|Tampa Bay, Florida|
The expedition was launched after sailors reported seeing the sails of small vessels moving back and forth across Tampa Bay. The commanders of the two blockade vessels stationed off the bay came to believe that these were the boats of a developing coast guard effort at Tampa and that a fort was under construction on the south side of the bay at the mouth of the Manatee River.

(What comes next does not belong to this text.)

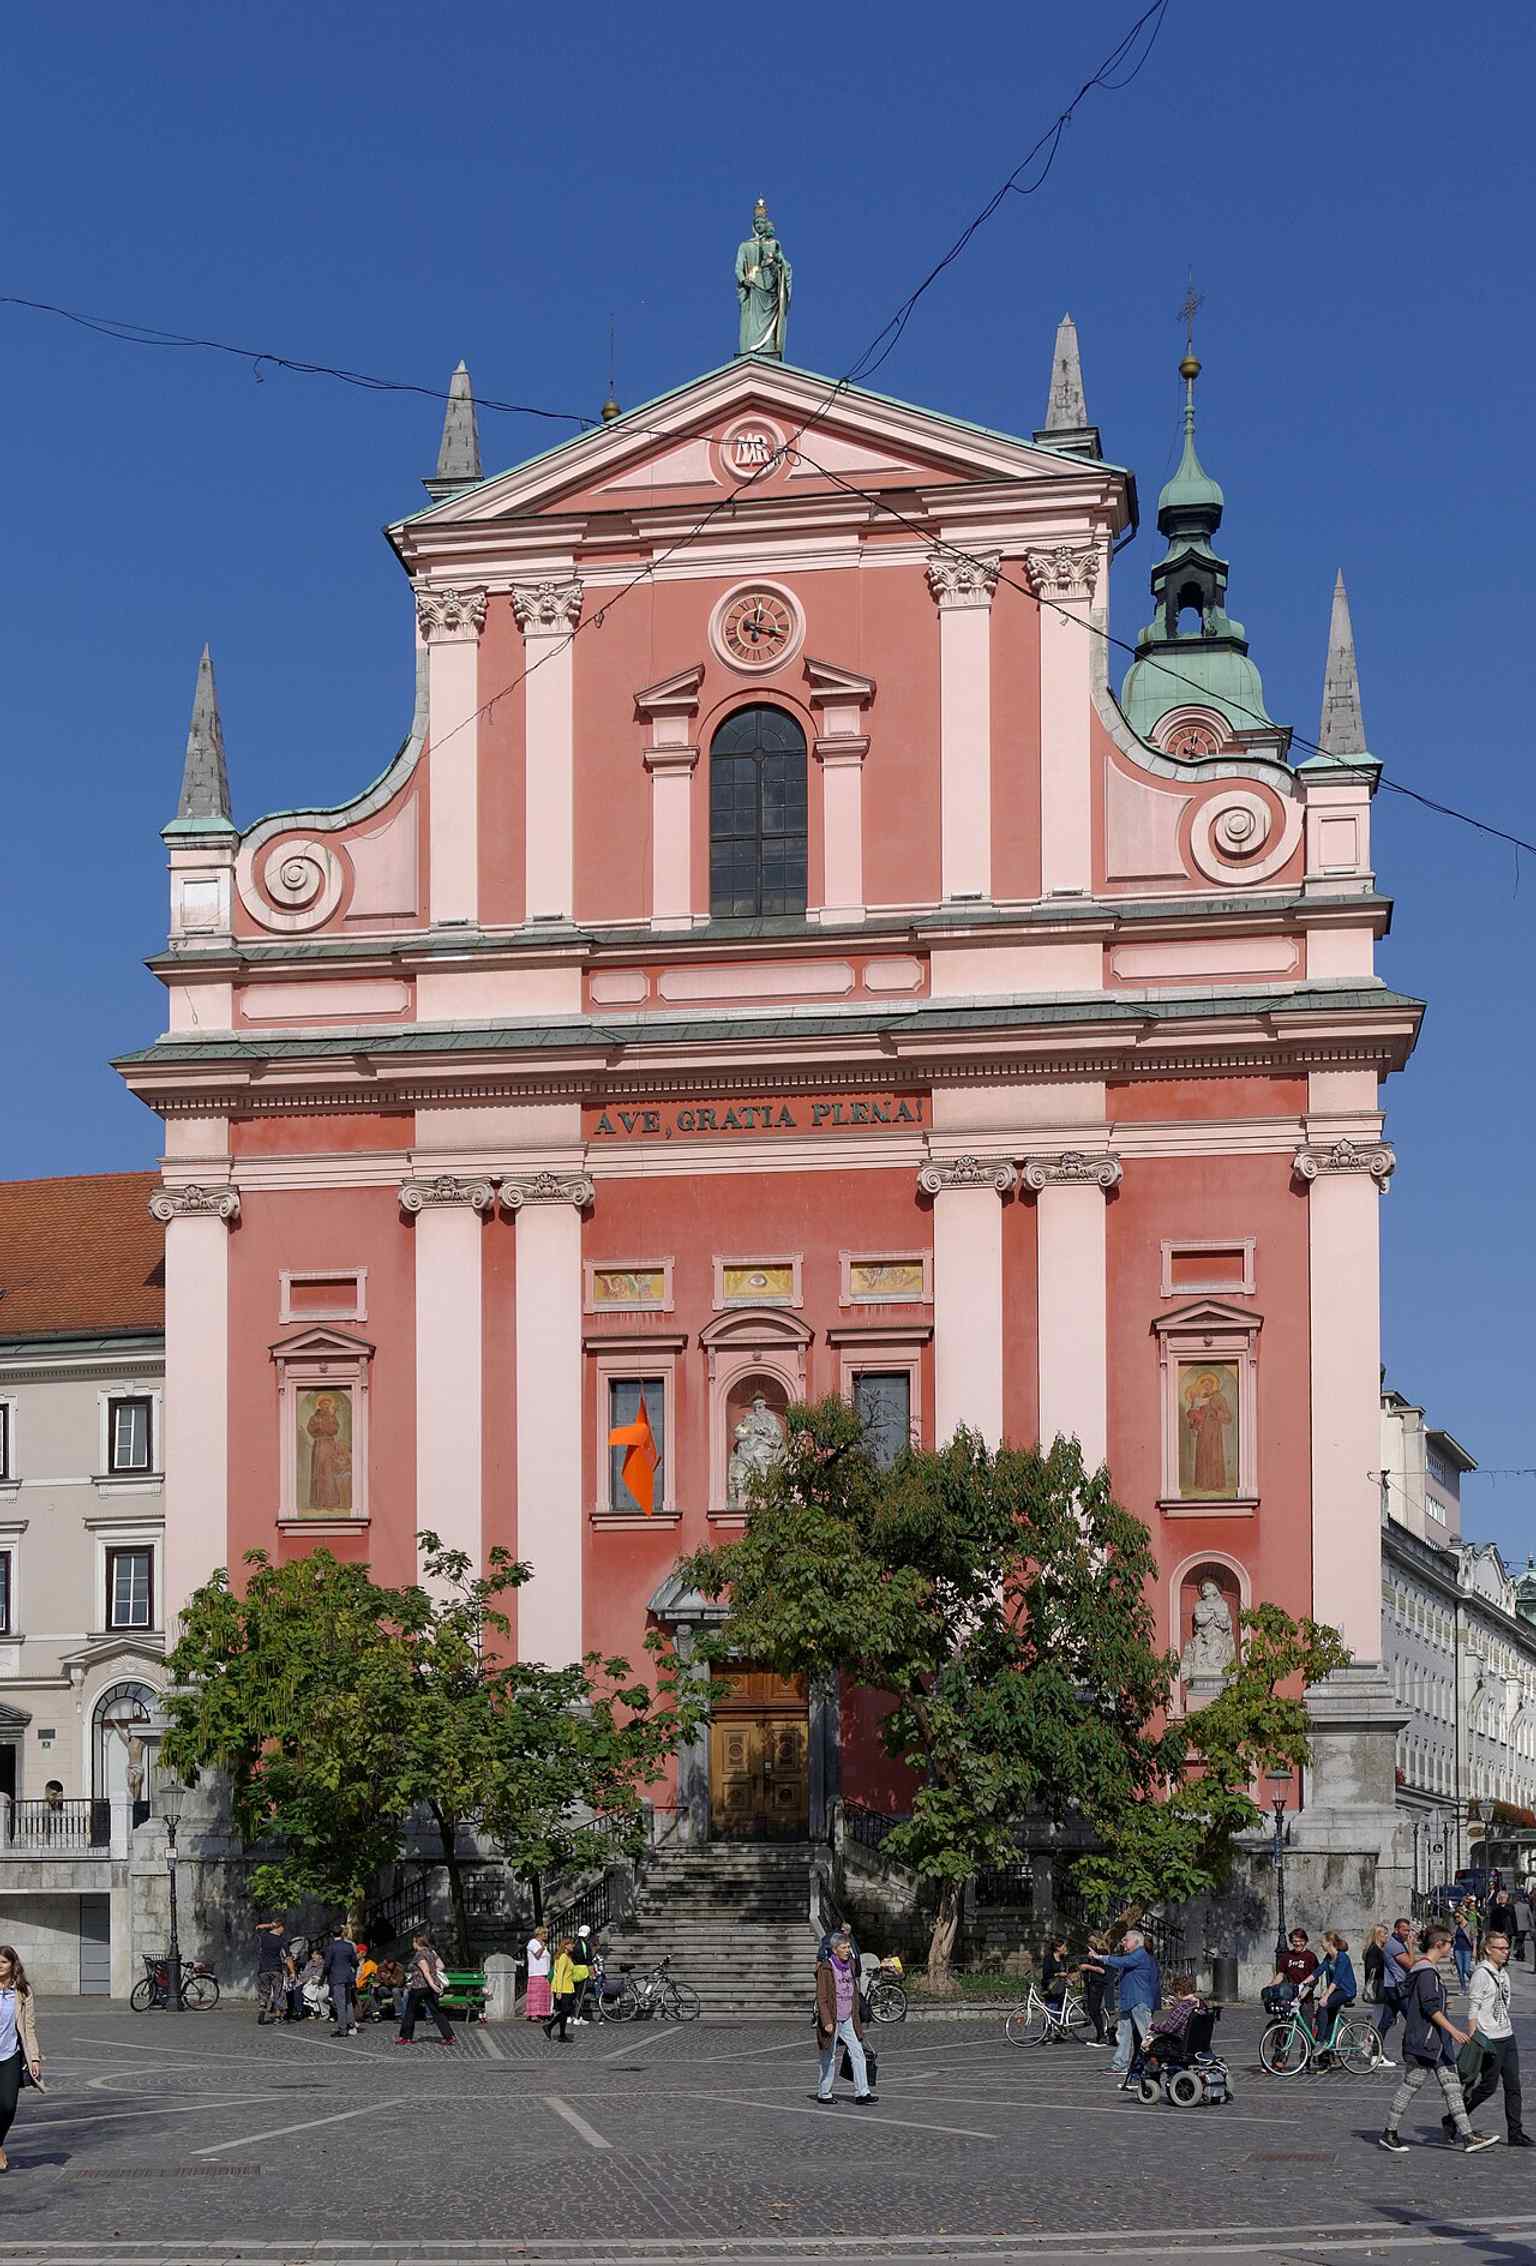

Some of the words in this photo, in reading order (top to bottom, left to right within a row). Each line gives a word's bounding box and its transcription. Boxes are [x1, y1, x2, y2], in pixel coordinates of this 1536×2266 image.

[594, 1110, 672, 1139] AVE,
[677, 1104, 797, 1132] GRATIA
[811, 1097, 923, 1126] PLENA!
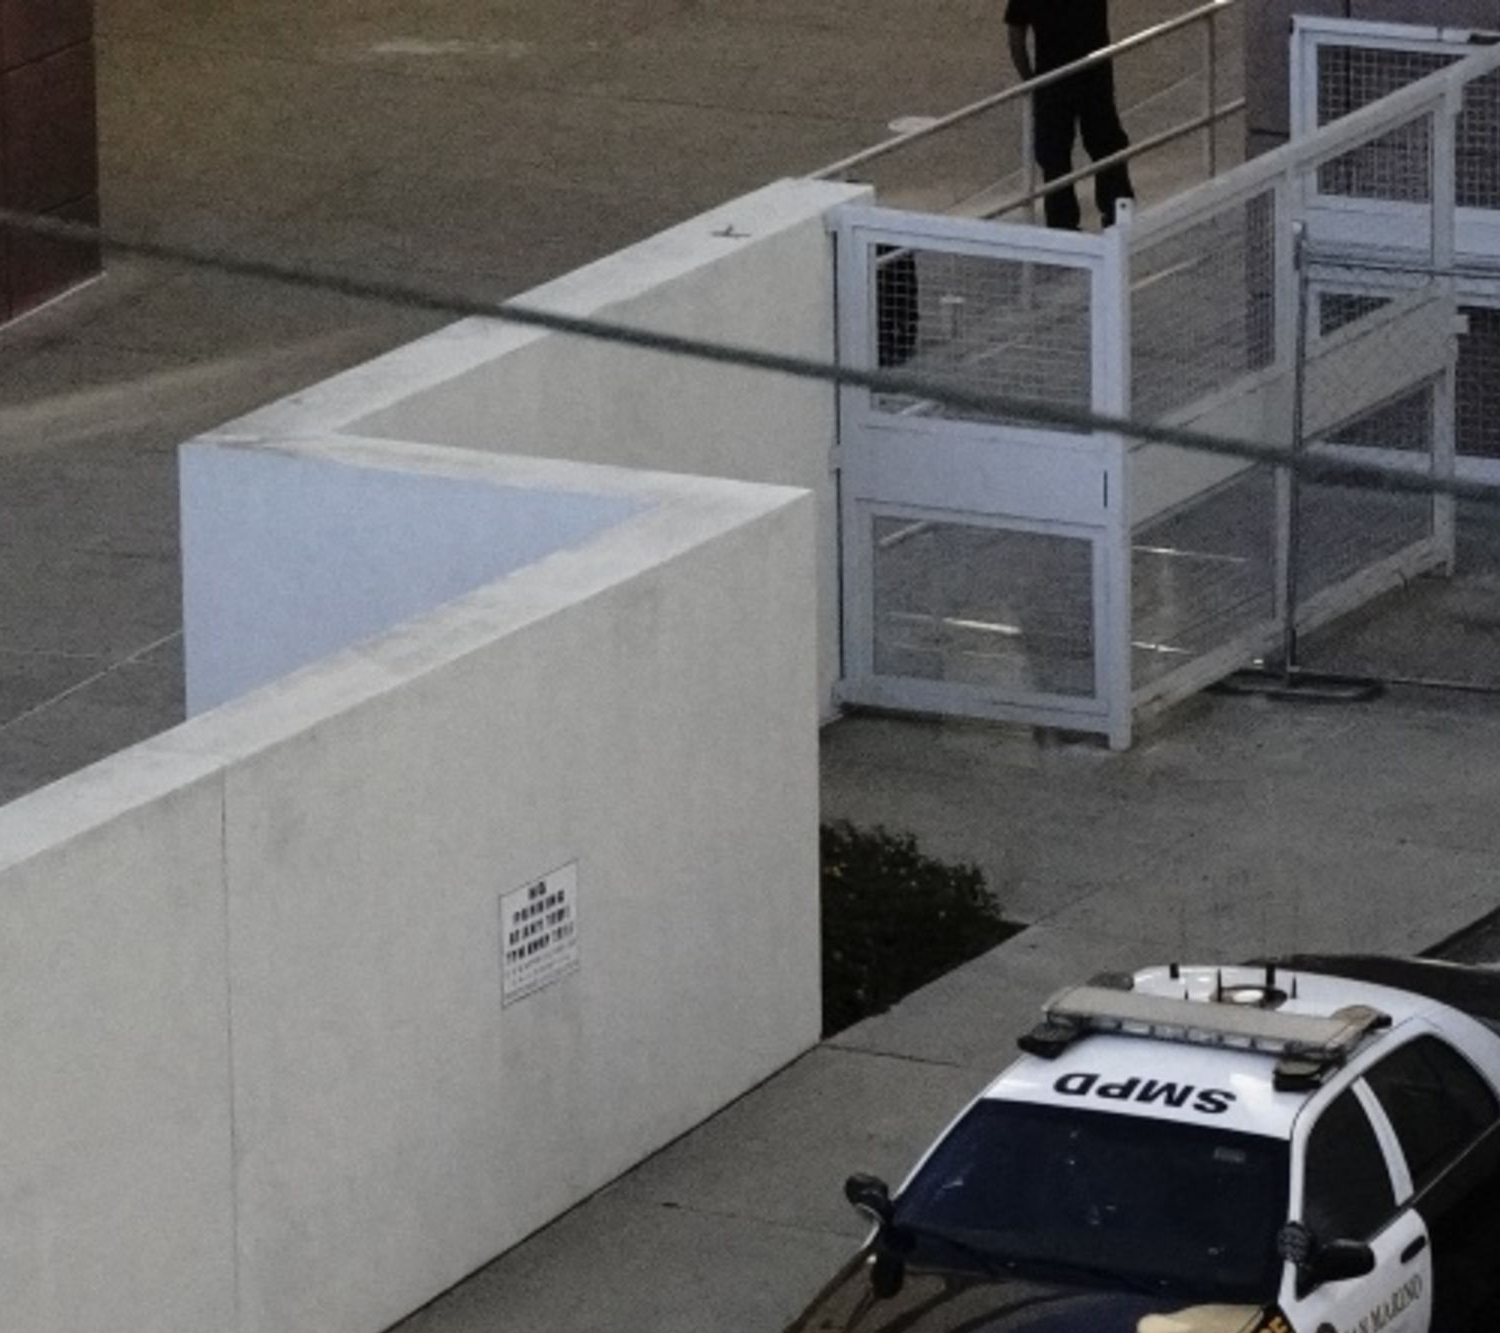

|Civil War Drawing of USS Kingfisher|
...At 8 p.m. I dispatched the first, second, and third cutters in charge of Acting Master J.H. Hallet and Master's Mates J.E. Whiteside and C.E. Sloan, with 35 men, fully armed, the whole under charge of Mr. Hallet, with writen instructions to act in concert with an equal number of boats and men from the Ethan Allen, in charge of Acting Master Stephenson. - Acting Volunter Lieutenant Joseph P. Couthoy, U.S. Navy, January 27, 1862.
|Modern Aerial of the Mouth the Manatee River|
...The boats returned last evening having found no armed vessel nor any enemy on shore, after capturing the sloop Mary Nevis, of Tampa, of about 12 tons burden, engaged in carrying the mails, freight, and passengers between Fort Brooke, Manatee River and the intermediate points, with a woman and child only on board, the one man forming her crew having run her ashore and taken to ths bush. They also burned the temporary barracks erected on a mound near the beach, lately occupied, according to parties on shore, by a troop of 115 or 120 cavalry, with one gun mounted on wheels. - Acting Volunteer Lieutenant Joseph P. Couthoy, U.S. Navy, January 27, 1862.
The expedition did not result in combat, but a similar operation in 1863 would lead to the Battle of Fort Brooke.